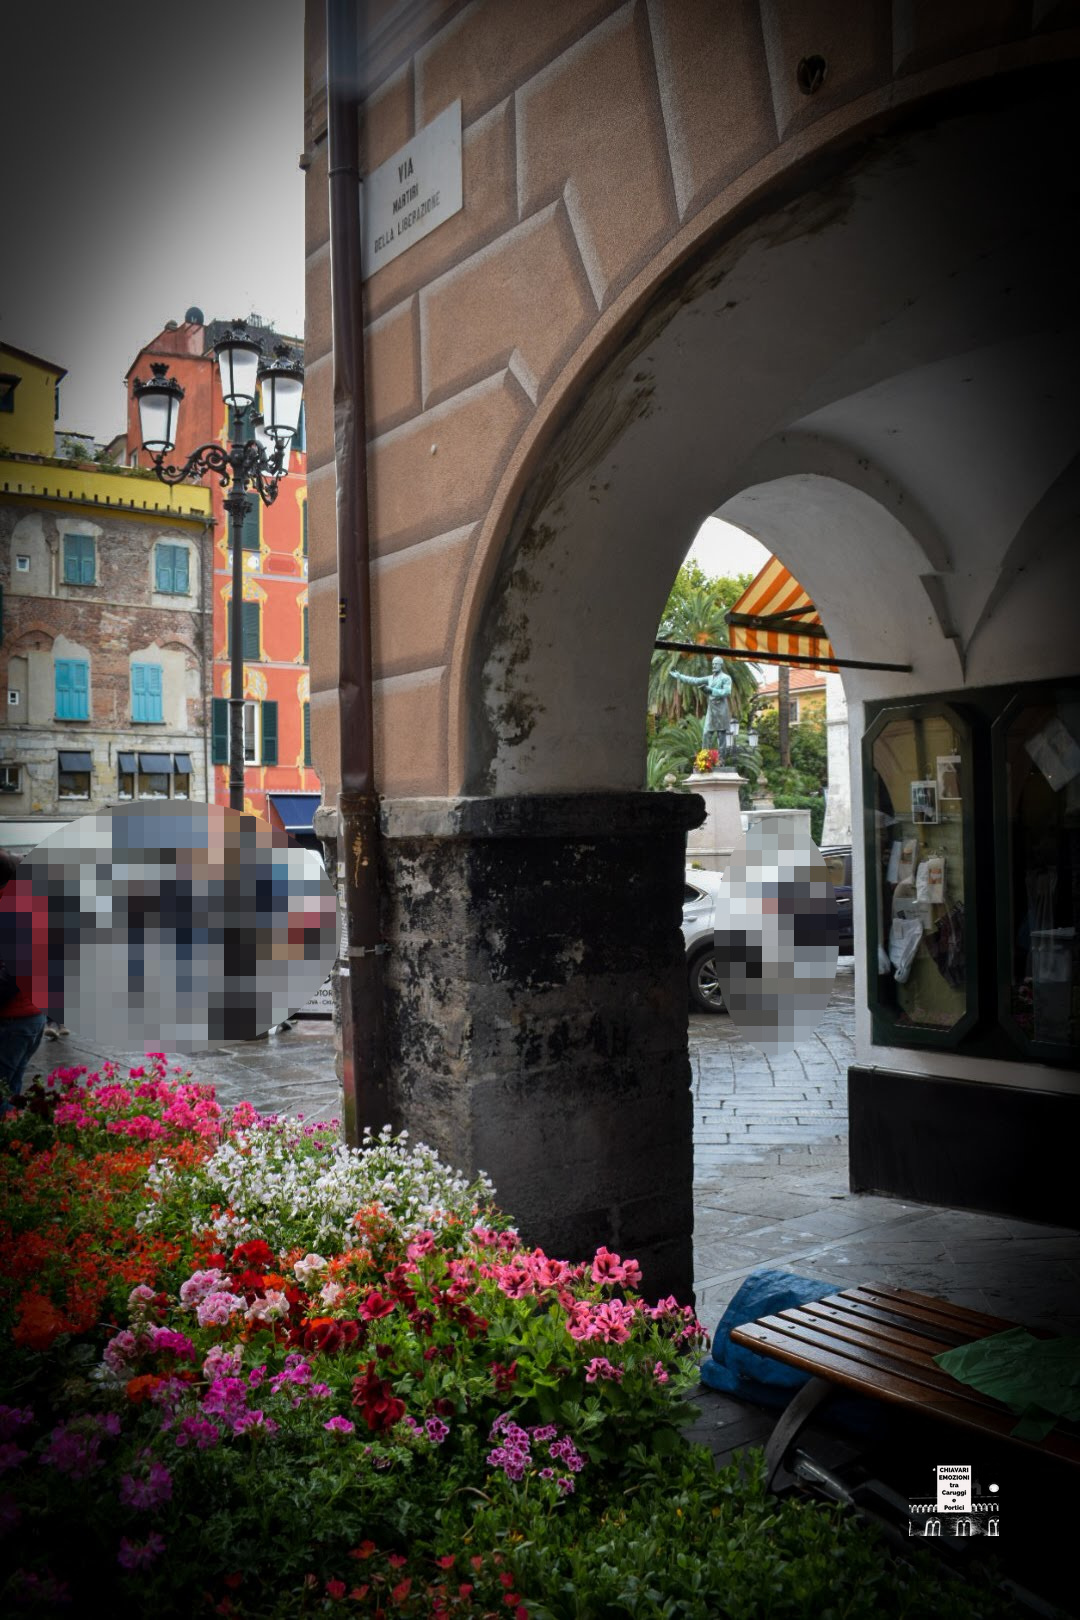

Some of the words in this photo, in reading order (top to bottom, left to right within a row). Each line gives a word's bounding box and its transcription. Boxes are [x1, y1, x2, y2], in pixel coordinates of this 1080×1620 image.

[398, 157, 414, 183] VIA
[392, 184, 419, 215] MARTIRI
[374, 228, 394, 254] DELLA
[397, 191, 441, 236] LIBERAZIONE
※
## What is expected
In the copy, include every record exactly and no pictures at all.

## Output for this task
Some of the words in this photo, in reading order (top to bottom, left to right within a row). Each line gives a word's bounding box and its transcription. Boxes are [x1, y1, x2, y2], in pixel coordinates of this 1080×1620 image.

[398, 157, 414, 183] VIA
[392, 184, 419, 215] MARTIRI
[374, 228, 394, 254] DELLA
[397, 191, 441, 236] LIBERAZIONE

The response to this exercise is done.